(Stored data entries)
..........

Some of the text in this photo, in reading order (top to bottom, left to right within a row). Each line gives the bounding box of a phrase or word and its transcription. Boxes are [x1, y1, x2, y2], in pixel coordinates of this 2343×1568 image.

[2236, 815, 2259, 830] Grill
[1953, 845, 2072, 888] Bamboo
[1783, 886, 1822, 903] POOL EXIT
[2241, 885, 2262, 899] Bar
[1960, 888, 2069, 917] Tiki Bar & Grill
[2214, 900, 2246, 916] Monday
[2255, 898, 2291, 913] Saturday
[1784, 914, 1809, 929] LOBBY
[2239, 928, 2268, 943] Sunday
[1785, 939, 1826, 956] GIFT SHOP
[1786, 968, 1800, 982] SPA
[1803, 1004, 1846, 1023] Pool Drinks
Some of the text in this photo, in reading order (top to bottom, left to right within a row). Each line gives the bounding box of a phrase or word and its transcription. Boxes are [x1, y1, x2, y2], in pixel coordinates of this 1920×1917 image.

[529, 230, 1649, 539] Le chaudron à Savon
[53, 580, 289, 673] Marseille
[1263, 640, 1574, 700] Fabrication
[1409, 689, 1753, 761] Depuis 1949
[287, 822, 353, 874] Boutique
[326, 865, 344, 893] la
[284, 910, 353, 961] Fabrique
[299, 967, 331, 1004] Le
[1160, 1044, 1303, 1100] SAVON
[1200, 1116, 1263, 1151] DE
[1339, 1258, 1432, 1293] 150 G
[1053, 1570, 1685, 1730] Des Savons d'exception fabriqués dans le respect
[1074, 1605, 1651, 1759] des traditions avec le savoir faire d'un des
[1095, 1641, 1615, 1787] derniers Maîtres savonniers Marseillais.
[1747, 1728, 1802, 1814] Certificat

..........

# [Activity]
In this exercise, repeat the entries above verbatim.

# [Task answer]
Some of the text in this photo, in reading order (top to bottom, left to right within a row). Each line gives the bounding box of a phrase or word and its transcription. Boxes are [x1, y1, x2, y2], in pixel coordinates of this 2343×1568 image.

[2236, 815, 2259, 830] Grill
[1953, 845, 2072, 888] Bamboo
[1783, 886, 1822, 903] POOL EXIT
[2241, 885, 2262, 899] Bar
[1960, 888, 2069, 917] Tiki Bar & Grill
[2214, 900, 2246, 916] Monday
[2255, 898, 2291, 913] Saturday
[1784, 914, 1809, 929] LOBBY
[2239, 928, 2268, 943] Sunday
[1785, 939, 1826, 956] GIFT SHOP
[1786, 968, 1800, 982] SPA
[1803, 1004, 1846, 1023] Pool Drinks
Some of the text in this photo, in reading order (top to bottom, left to right within a row). Each line gives the bounding box of a phrase or word and its transcription. Boxes are [x1, y1, x2, y2], in pixel coordinates of this 1920×1917 image.

[529, 230, 1649, 539] Le chaudron à Savon
[53, 580, 289, 673] Marseille
[1263, 640, 1574, 700] Fabrication
[1409, 689, 1753, 761] Depuis 1949
[287, 822, 353, 874] Boutique
[326, 865, 344, 893] la
[284, 910, 353, 961] Fabrique
[299, 967, 331, 1004] Le
[1160, 1044, 1303, 1100] SAVON
[1200, 1116, 1263, 1151] DE
[1339, 1258, 1432, 1293] 150 G
[1053, 1570, 1685, 1730] Des Savons d'exception fabriqués dans le respect
[1074, 1605, 1651, 1759] des traditions avec le savoir faire d'un des
[1095, 1641, 1615, 1787] derniers Maîtres savonniers Marseillais.
[1747, 1728, 1802, 1814] Certificat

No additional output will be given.